##### Records supplied

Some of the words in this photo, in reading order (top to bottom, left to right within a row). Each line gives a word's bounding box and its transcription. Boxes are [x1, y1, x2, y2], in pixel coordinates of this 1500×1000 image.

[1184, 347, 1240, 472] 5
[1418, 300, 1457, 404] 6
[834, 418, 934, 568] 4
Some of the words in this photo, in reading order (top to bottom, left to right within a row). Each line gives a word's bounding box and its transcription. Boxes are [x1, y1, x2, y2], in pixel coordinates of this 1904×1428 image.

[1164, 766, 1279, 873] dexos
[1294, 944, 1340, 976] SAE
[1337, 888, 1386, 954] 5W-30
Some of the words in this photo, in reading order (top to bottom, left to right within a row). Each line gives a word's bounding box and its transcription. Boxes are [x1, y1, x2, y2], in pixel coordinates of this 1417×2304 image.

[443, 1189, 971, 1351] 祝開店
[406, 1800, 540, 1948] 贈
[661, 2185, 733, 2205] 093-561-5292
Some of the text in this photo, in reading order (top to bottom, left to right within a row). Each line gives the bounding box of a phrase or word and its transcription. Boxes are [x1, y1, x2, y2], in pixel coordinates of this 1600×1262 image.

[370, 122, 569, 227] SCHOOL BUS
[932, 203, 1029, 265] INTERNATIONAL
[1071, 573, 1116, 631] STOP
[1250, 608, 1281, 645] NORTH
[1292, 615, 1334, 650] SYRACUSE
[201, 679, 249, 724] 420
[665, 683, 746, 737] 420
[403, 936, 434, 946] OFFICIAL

##########

Give back each record, exactly as it reads.

Task response:
Some of the words in this photo, in reading order (top to bottom, left to right within a row). Each line gives a word's bounding box and its transcription. Boxes are [x1, y1, x2, y2], in pixel coordinates of this 1500×1000 image.

[1184, 347, 1240, 472] 5
[1418, 300, 1457, 404] 6
[834, 418, 934, 568] 4
Some of the words in this photo, in reading order (top to bottom, left to right within a row). Each line gives a word's bounding box and its transcription. Boxes are [x1, y1, x2, y2], in pixel coordinates of this 1904×1428 image.

[1164, 766, 1279, 873] dexos
[1294, 944, 1340, 976] SAE
[1337, 888, 1386, 954] 5W-30
Some of the words in this photo, in reading order (top to bottom, left to right within a row). Each line gives a word's bounding box and its transcription. Boxes are [x1, y1, x2, y2], in pixel coordinates of this 1417×2304 image.

[443, 1189, 971, 1351] 祝開店
[406, 1800, 540, 1948] 贈
[661, 2185, 733, 2205] 093-561-5292
Some of the text in this photo, in reading order (top to bottom, left to right within a row). Each line gives the bounding box of a phrase or word and its transcription. Boxes are [x1, y1, x2, y2], in pixel coordinates of this 1600×1262 image.

[370, 122, 569, 227] SCHOOL BUS
[932, 203, 1029, 265] INTERNATIONAL
[1071, 573, 1116, 631] STOP
[1250, 608, 1281, 645] NORTH
[1292, 615, 1334, 650] SYRACUSE
[201, 679, 249, 724] 420
[665, 683, 746, 737] 420
[403, 936, 434, 946] OFFICIAL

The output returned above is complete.